**Raw data:**
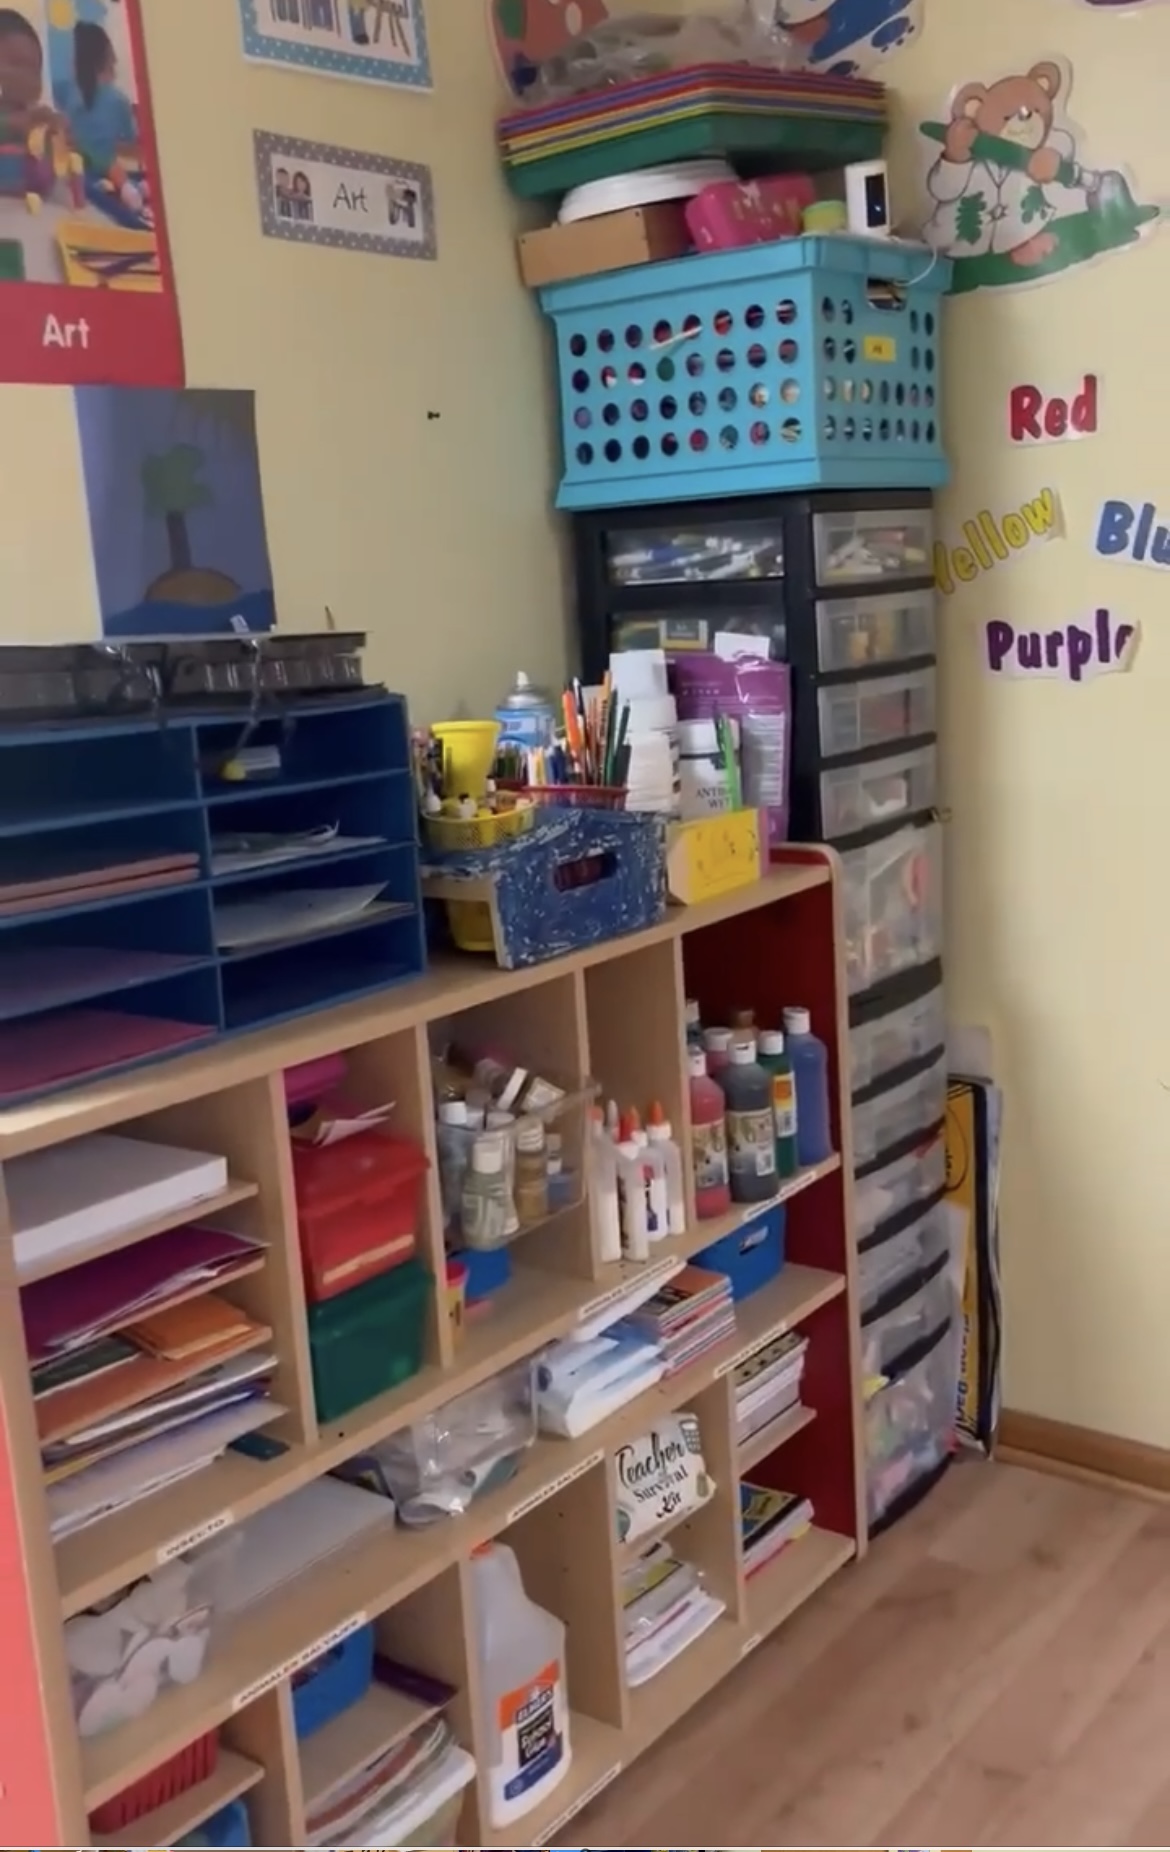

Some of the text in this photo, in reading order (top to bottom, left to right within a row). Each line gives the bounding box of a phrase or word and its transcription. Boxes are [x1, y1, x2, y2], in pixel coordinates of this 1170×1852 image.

[332, 182, 368, 213] Art
[42, 313, 90, 349] Art
[1010, 373, 1098, 441] Red
[614, 1431, 686, 1489] Teacher
[632, 1464, 689, 1504] Survival
[240, 1661, 299, 1703] ANIMALES
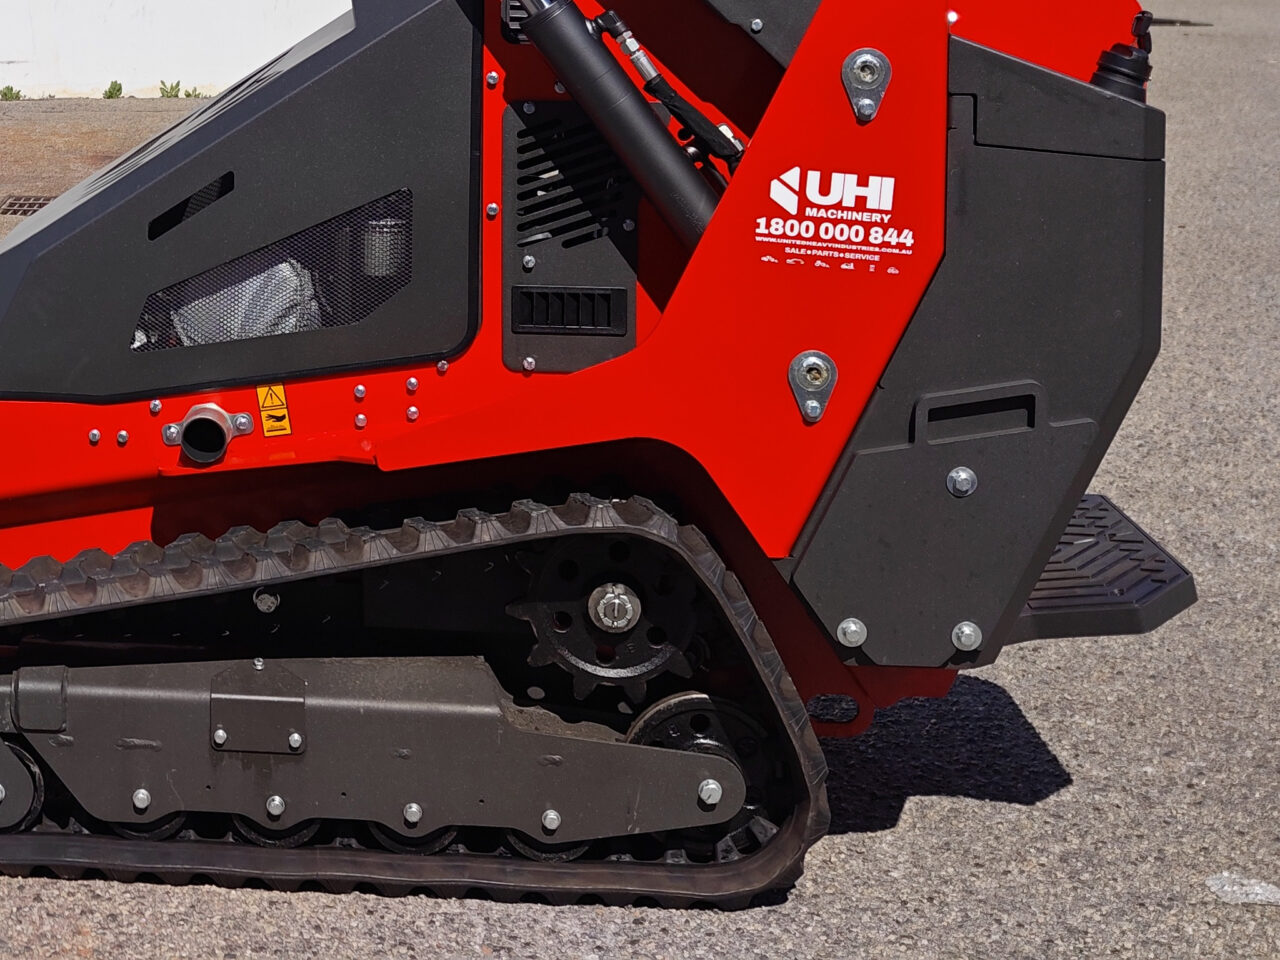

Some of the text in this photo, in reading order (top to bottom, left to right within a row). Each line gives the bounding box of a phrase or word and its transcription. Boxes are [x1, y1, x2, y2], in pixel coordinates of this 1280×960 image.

[806, 170, 895, 211] UHI
[805, 207, 891, 223] MACHINERY
[755, 217, 914, 246] 1800 000 844
[755, 236, 912, 255] WWW.UNITEDHEAVYINDUSTRIES.COM.AU
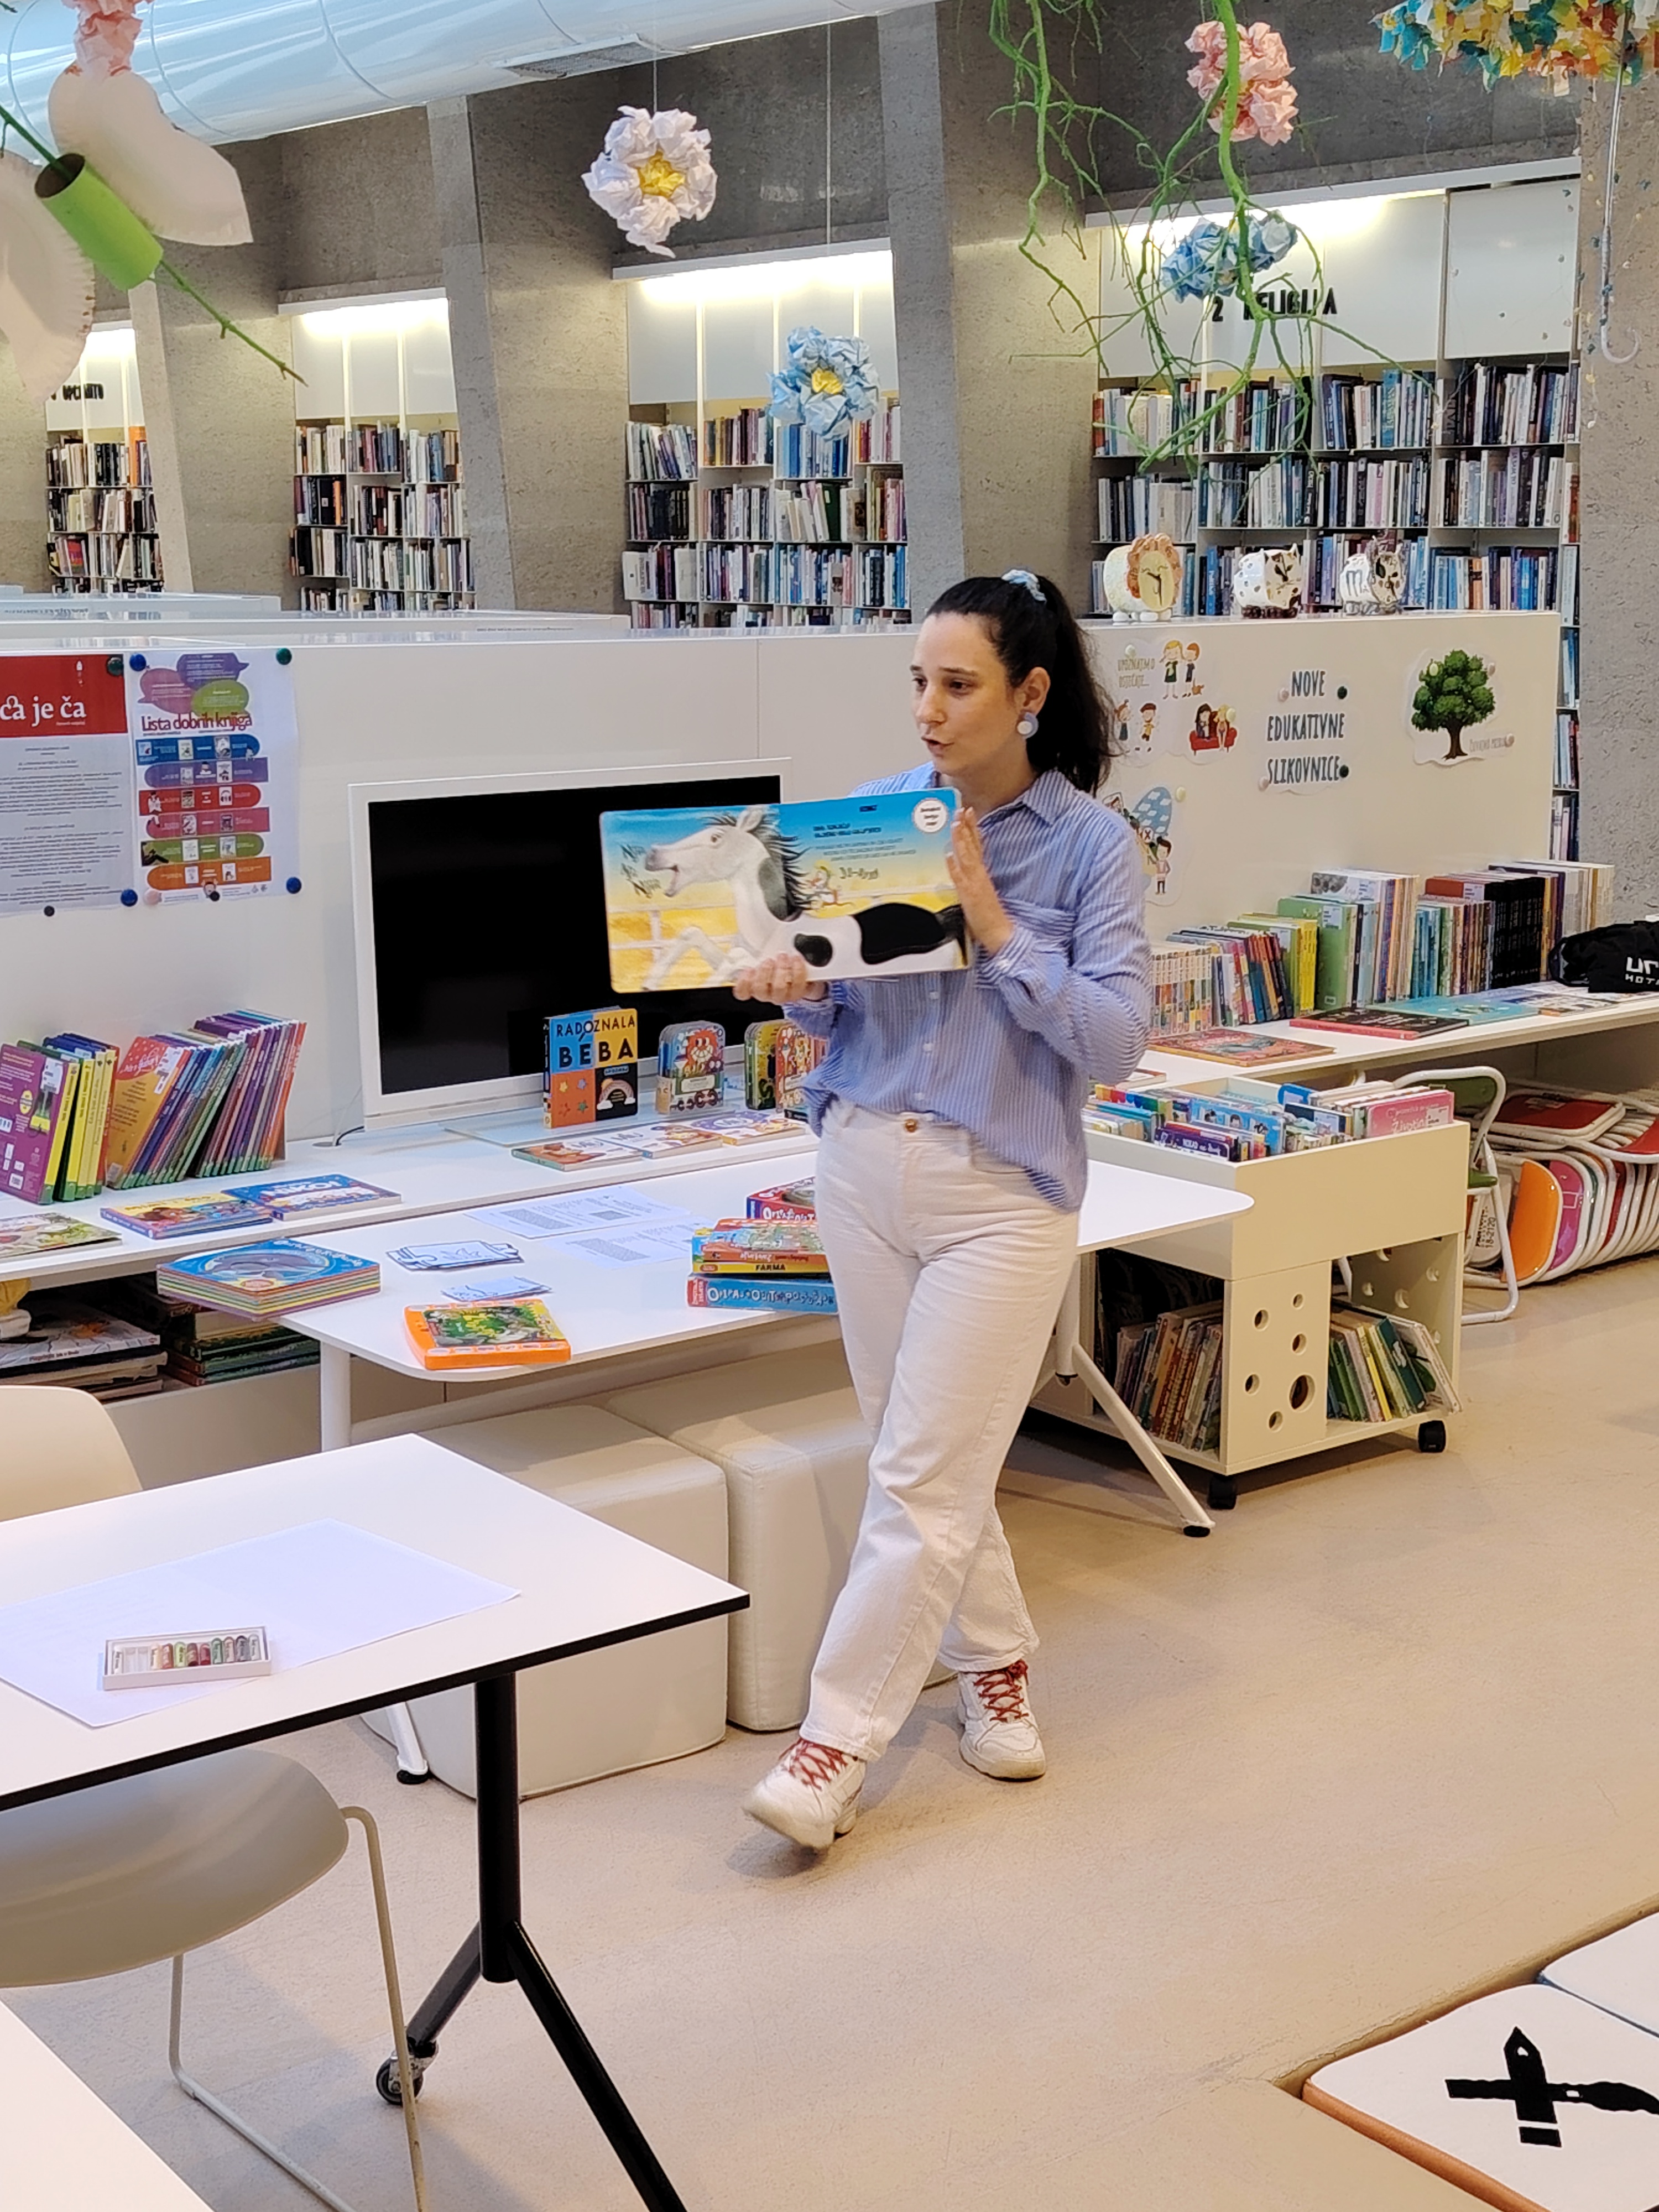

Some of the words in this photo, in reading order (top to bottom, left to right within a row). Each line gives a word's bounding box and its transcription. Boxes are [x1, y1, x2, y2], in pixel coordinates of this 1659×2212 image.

**Instructions for the task:** Give back all the data exactly, minus pictures.

**Finished exercise:**
Some of the text in this photo, in reading order (top to bottom, left to right within a row). Each line gives the bounding box of a phrase or word and its transcription. Boxes are [x1, y1, x2, y2], in pixel coordinates of this 1170×1852 image.

[332, 182, 368, 213] Art
[42, 313, 90, 349] Art
[1010, 373, 1098, 441] Red
[614, 1431, 686, 1489] Teacher
[632, 1464, 689, 1504] Survival
[240, 1661, 299, 1703] ANIMALES

Some of the text in this photo, in reading order (top to bottom, left to right within a row). Each line gives the bounding box of a phrase or word and its transcription. Boxes are [x1, y1, x2, y2], in pixel coordinates of this 1280×960 image.

[806, 170, 895, 211] UHI
[805, 207, 891, 223] MACHINERY
[755, 217, 914, 246] 1800 000 844
[755, 236, 912, 255] WWW.UNITEDHEAVYINDUSTRIES.COM.AU

Some of the words in this photo, in reading order (top to bottom, left to right within a row). Each line gives a word's bounding box and its transcription. Boxes are [x1, y1, x2, y2], in pixel coordinates of this 1659×2212 image.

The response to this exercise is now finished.